▶ _What needs to be done_: Retype the records below exactly as they appear, but leave out any pictures.

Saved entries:
====

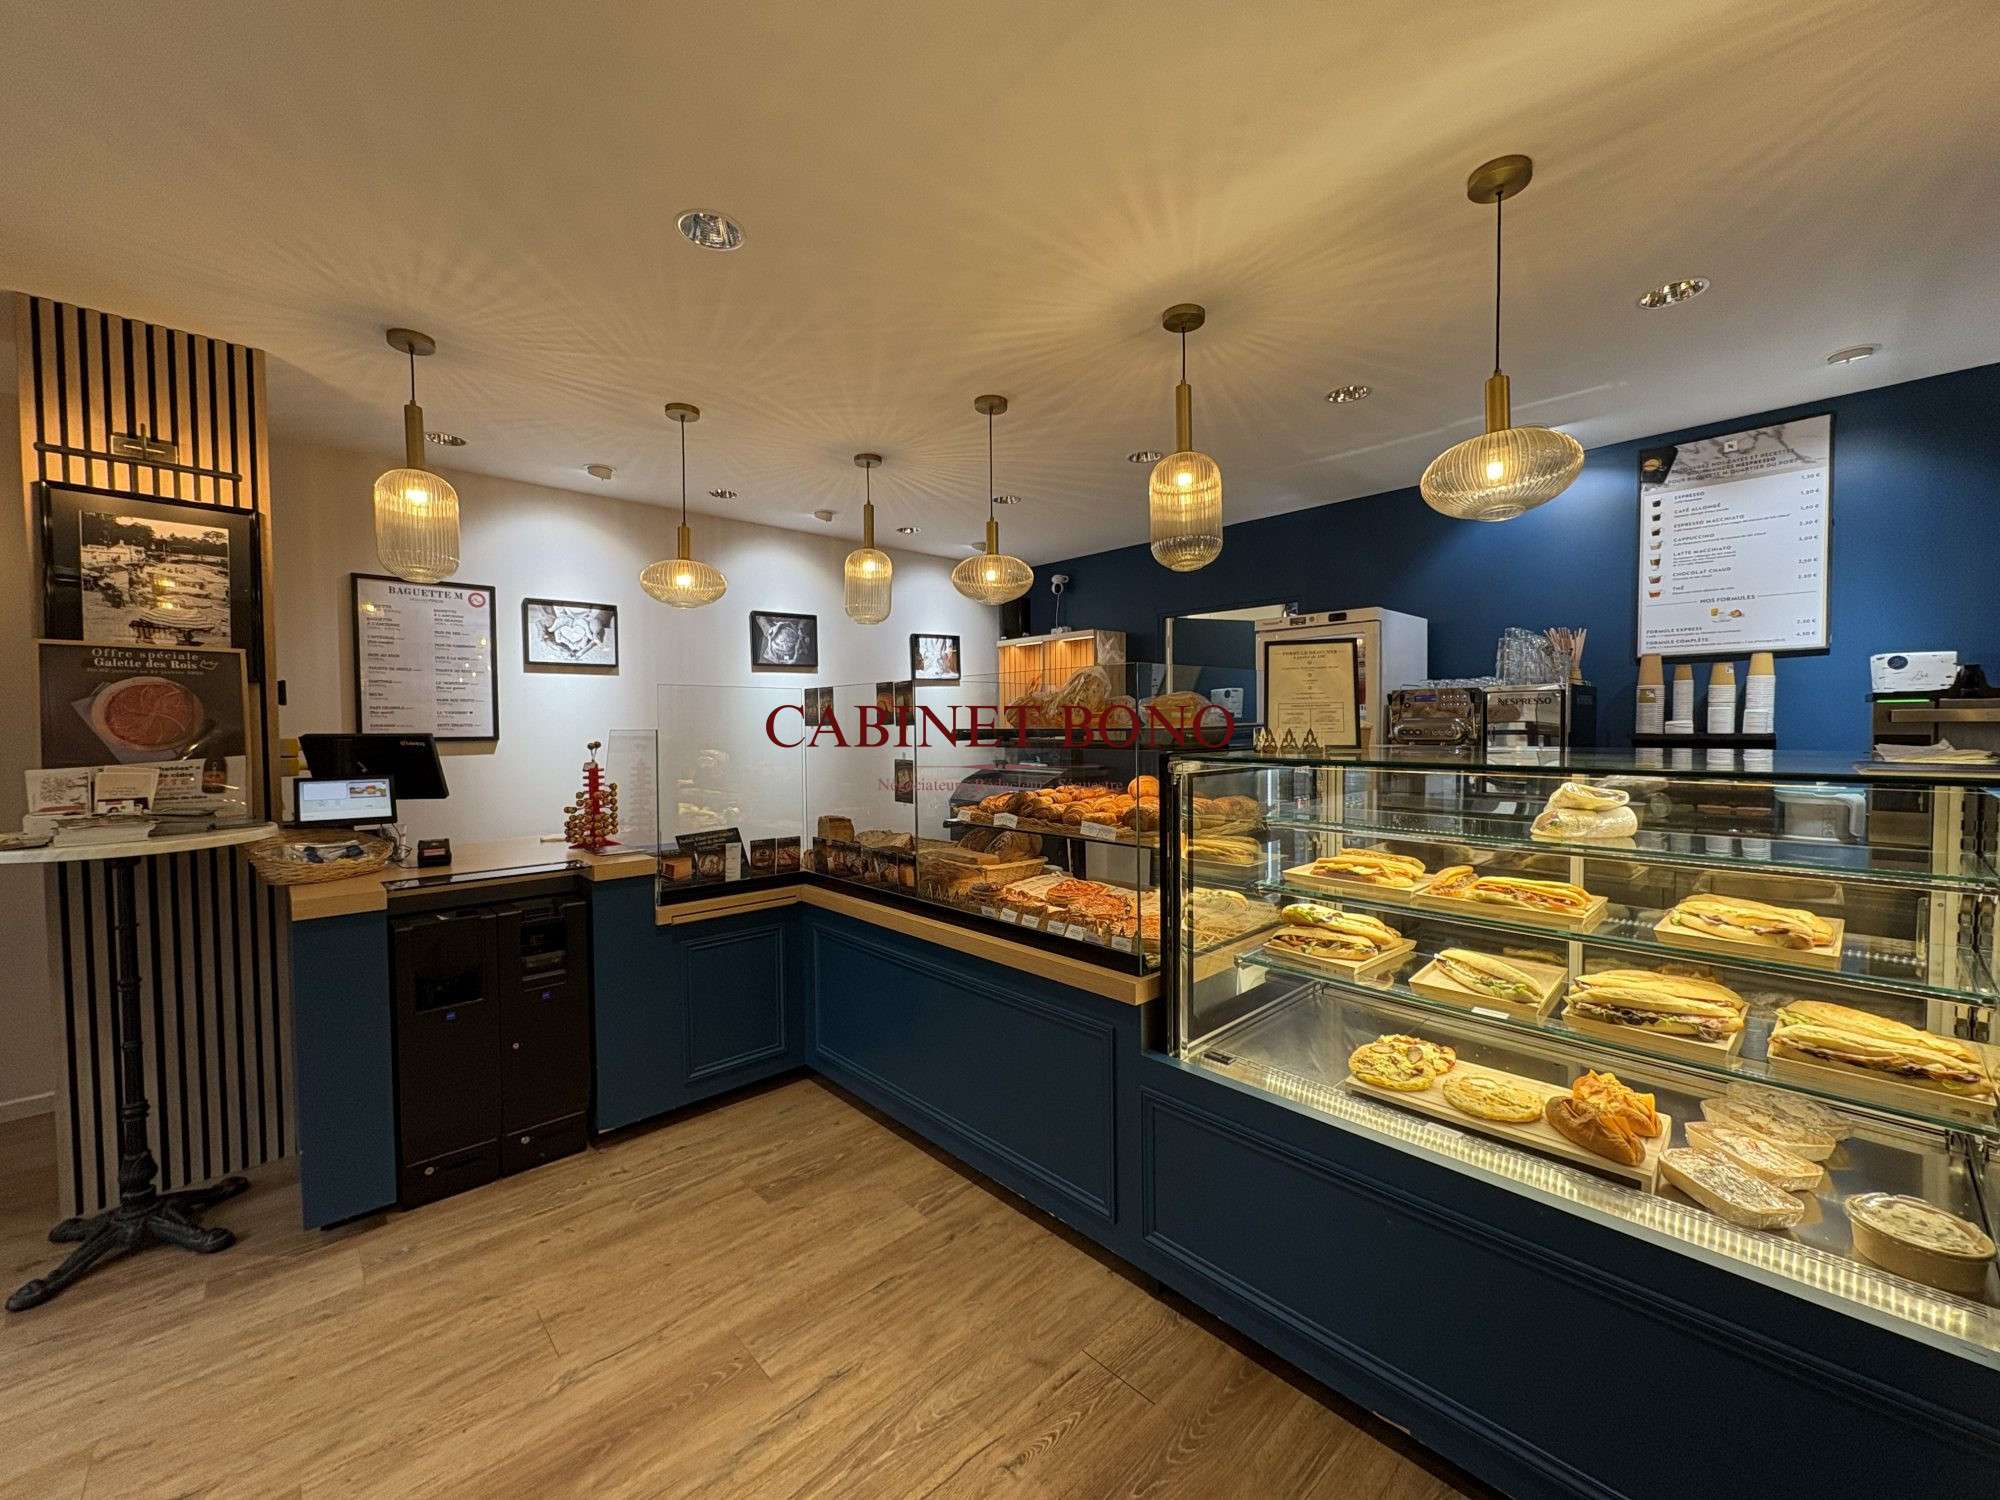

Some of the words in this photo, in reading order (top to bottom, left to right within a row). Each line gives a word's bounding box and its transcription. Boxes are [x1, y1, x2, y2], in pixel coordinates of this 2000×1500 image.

[388, 585, 452, 599] BAGUETTE
[454, 591, 463, 600] M
[92, 647, 133, 658] Offre
[140, 649, 199, 661] spéciale
[94, 657, 142, 668] Galette
[146, 659, 167, 668] des
[170, 660, 198, 669] Rois
[1497, 696, 1552, 705] NESPRESSO
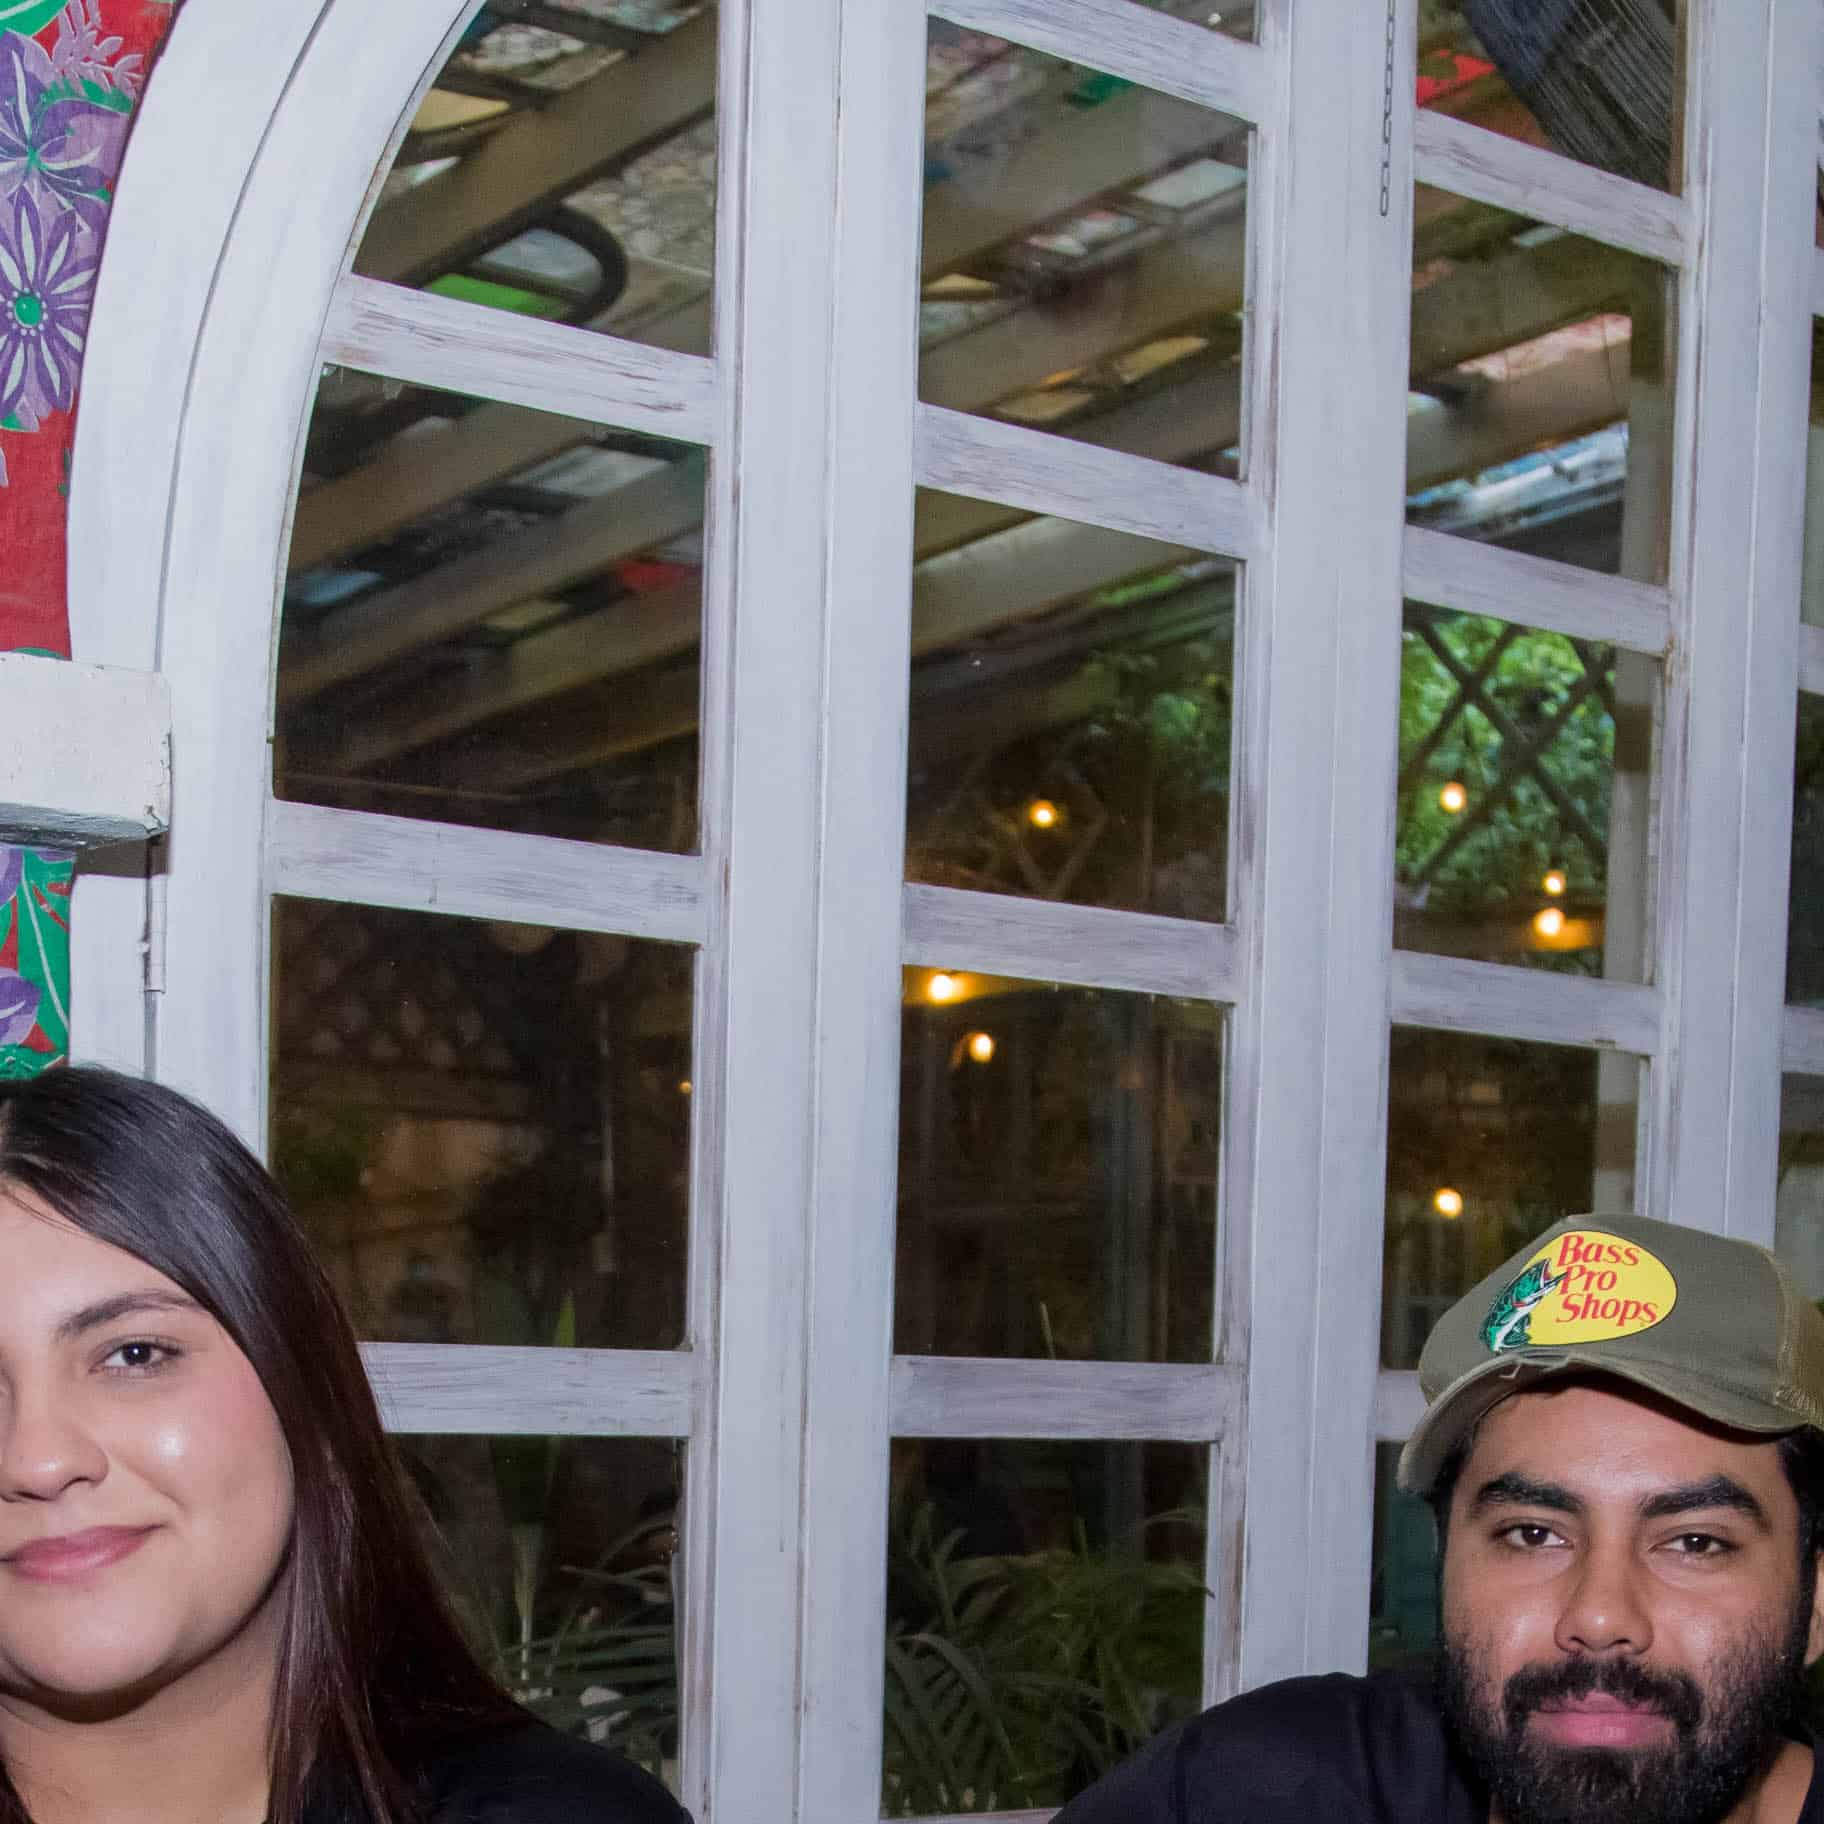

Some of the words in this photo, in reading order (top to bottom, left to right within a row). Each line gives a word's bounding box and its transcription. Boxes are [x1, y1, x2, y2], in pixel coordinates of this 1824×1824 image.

====

▶ _Result_:
Some of the words in this photo, in reading order (top to bottom, left to right within a row). Each line gives a word's bounding box and its transcription. Boxes are [x1, y1, x2, y2], in pixel coordinates of this 2000×1500 image.

[388, 585, 452, 599] BAGUETTE
[454, 591, 463, 600] M
[92, 647, 133, 658] Offre
[140, 649, 199, 661] spéciale
[94, 657, 142, 668] Galette
[146, 659, 167, 668] des
[170, 660, 198, 669] Rois
[1497, 696, 1552, 705] NESPRESSO

Some of the words in this photo, in reading order (top to bottom, left to right within a row). Each line gives a word's bounding box and its transcription. Boxes are [x1, y1, x2, y2], in pixel coordinates of this 1824×1824 image.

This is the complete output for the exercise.